365 dias com poesia, 22 de maio de 2015 -- Hino ao amor

Hino ao amor

À memória de Edit Piaf

O céu azul, testemunha
Renuncio a tudo
Pátria amigos solidão
Se seus olhos me pedirem amor
Renuncio e anuncio
Seremos serenos juntos
E sob a lua, inteiros
E sob o sol, desejos
E sob nosso olhar, hinos ao amor
Namorando a eternidade com a intensidade
De pais que se amam
De filhos que foram amados
De adultos, crianças crescidas com adultas feridas,

Curados pelo amor

quinta-feira, 21 de maio de 2015

365 dias com poesia, 21 de maio de 2015 -- solar

solar

A Luiz Souza


...e não há mais nada a dizer...

a não ser que...

por medo de morrer
se mata, se cala, se morre

entupimos nossos poros com inveja, calúnia, difamação
quando poderíamos inventar uma nova emoção

buscar uma estrela
alinhavar um poema
encontrar um novo sistema

solar 

quarta-feira, 20 de maio de 2015

365 dias com poesia, 20 de maio de 2015 -- beiradorio

beiradorioAIberêCamargotododiadormimosevamosparaaterradonadadevezemquandoassombradaporsonhosquenosprovamqueconseguiremosquasenadaetododiaaoacordarmoscontinuamosnosperguntandoparaondevamosquandopassamos?

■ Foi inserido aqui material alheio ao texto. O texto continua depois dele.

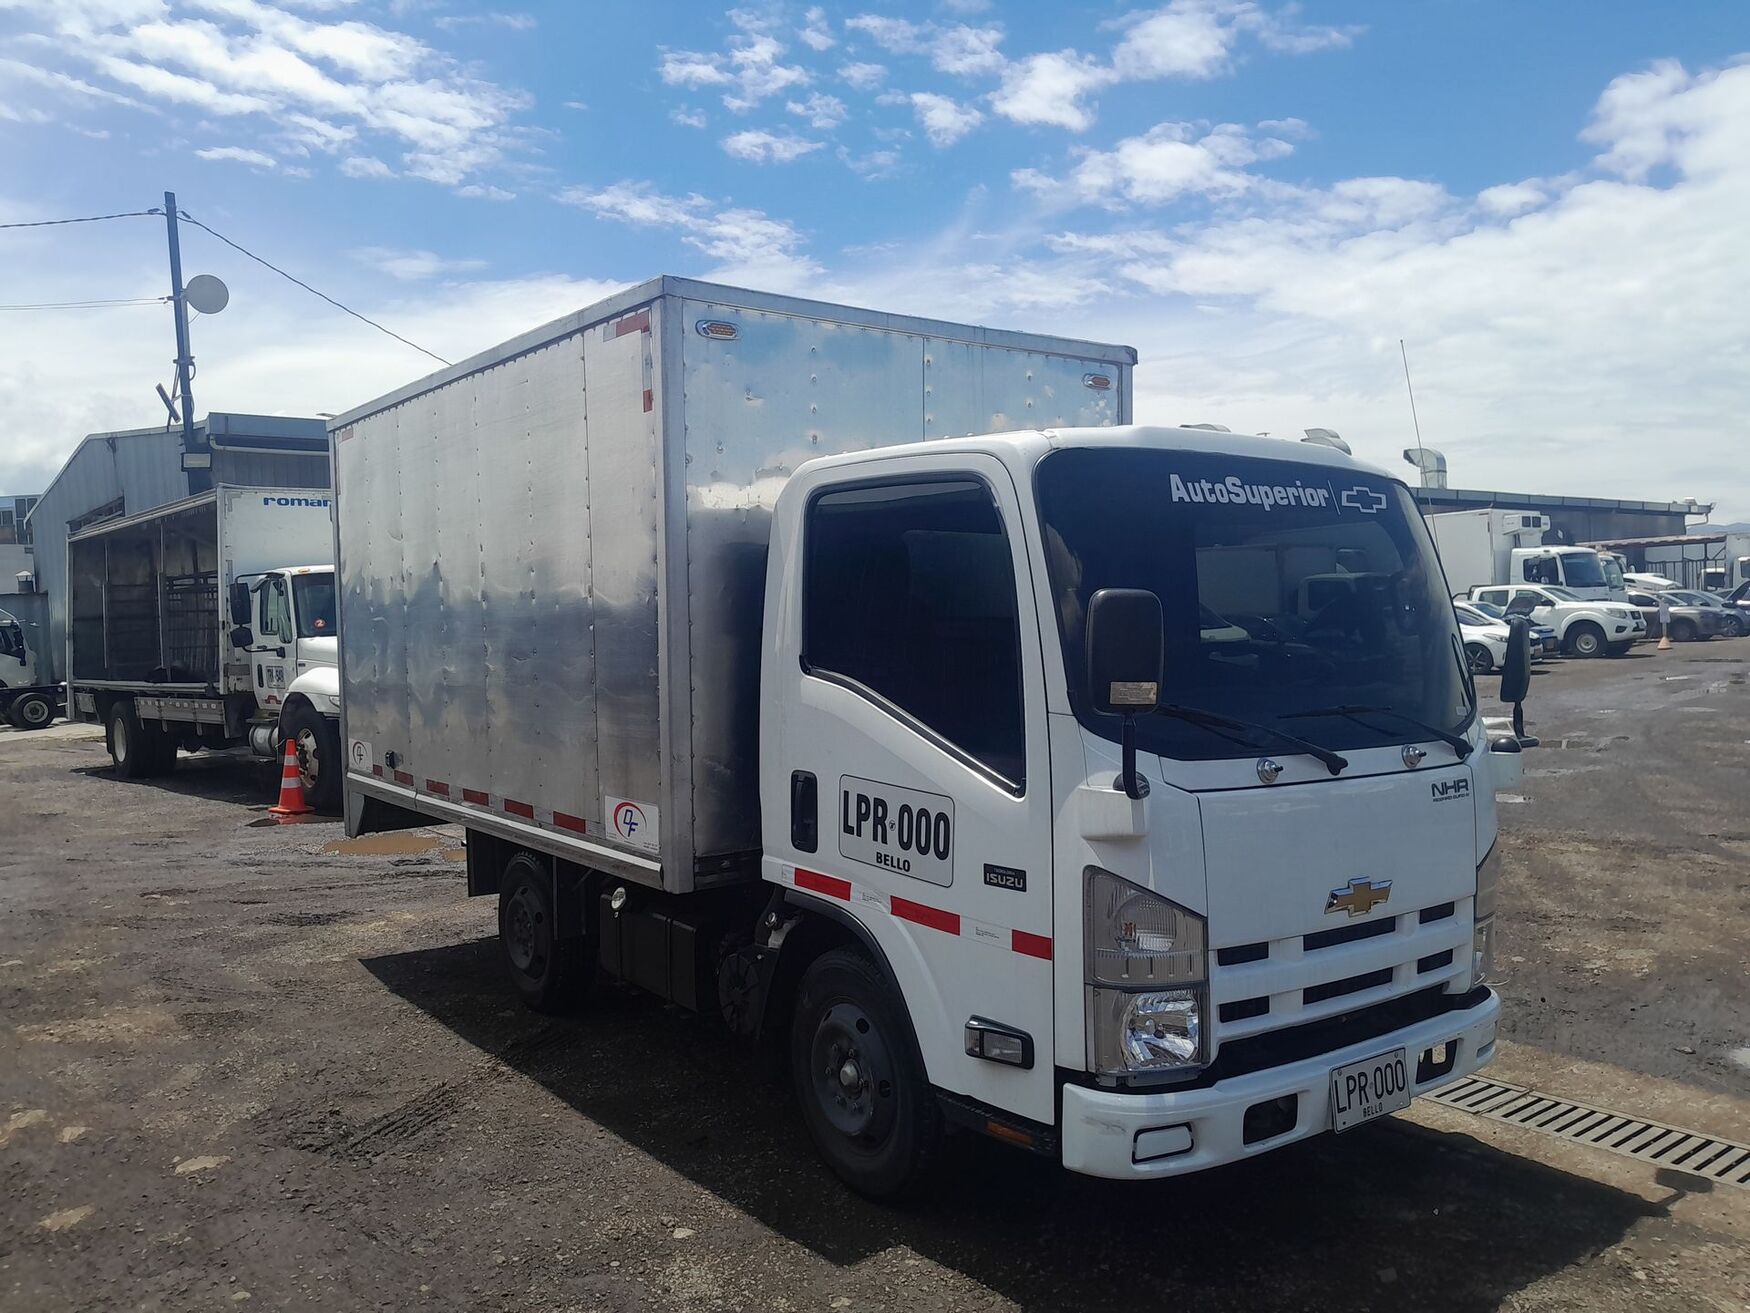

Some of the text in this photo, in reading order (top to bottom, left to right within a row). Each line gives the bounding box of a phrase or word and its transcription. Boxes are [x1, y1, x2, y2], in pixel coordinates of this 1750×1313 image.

terça-feira, 19 de maio de 2015

365 dias com poesia, 19 de maio de 2015 -- Amém

Amém


um dia
um homem entenderá
a missão divina
de repartir o fruto
tendo antes carregado-o
então
a partir desse entendimento
conseguirá atingir um mínimo de sabedoria de mãe
para conseguir amar
antes
de conhecer quem 

segunda-feira, 18 de maio de 2015

365 dias com poesia, 18 de maio de 2015 -- Urso II

Urso II

Baudelaire disse que é a infância reencontrada
Gullar diz que vem depois do susto
Picasso fala da dificuldade de ver no escuro
Mas acho que o artista
É o adulto que não se previne
E que depois do susto

Entrega a obra de arte como um urro do prazer por estar vivo

domingo, 17 de maio de 2015

365 dias com poesia, 17 de maio de 2015 -- Um Drummond

Um Drummond

eu queria ser azul
para lhe dar o mundo
sendo um blues
te daria todo o sofrimento do mundo
(um Drummond profundo)
todo o meu tudo seria só teu
no fundo do poço as moedas seriam nossos sorrisos
crianças crescidas
adultas feridas
cicatrizando ao pôr do sol
avermelhado de esperança


(doce sumo do fruto ilusão)

sábado, 16 de maio de 2015

365 dias com poesia, 16 de maio de 2015 -- inspiração II

inspiração II

Olhos anoitecem na escuridão de seus pensamentos torpes
Doces recordações são ilusões em corações desesperados
Apertados em nosso peito tantos desejos tantos desejos azuis
Suo ácido sulfúrico perfumado em gris
Sins suplantam os nãos que não esquecemos
Onde respiro e adormeço?

Onde consigo escutar a inspiração para expirar uma canção que tenha cheiro? 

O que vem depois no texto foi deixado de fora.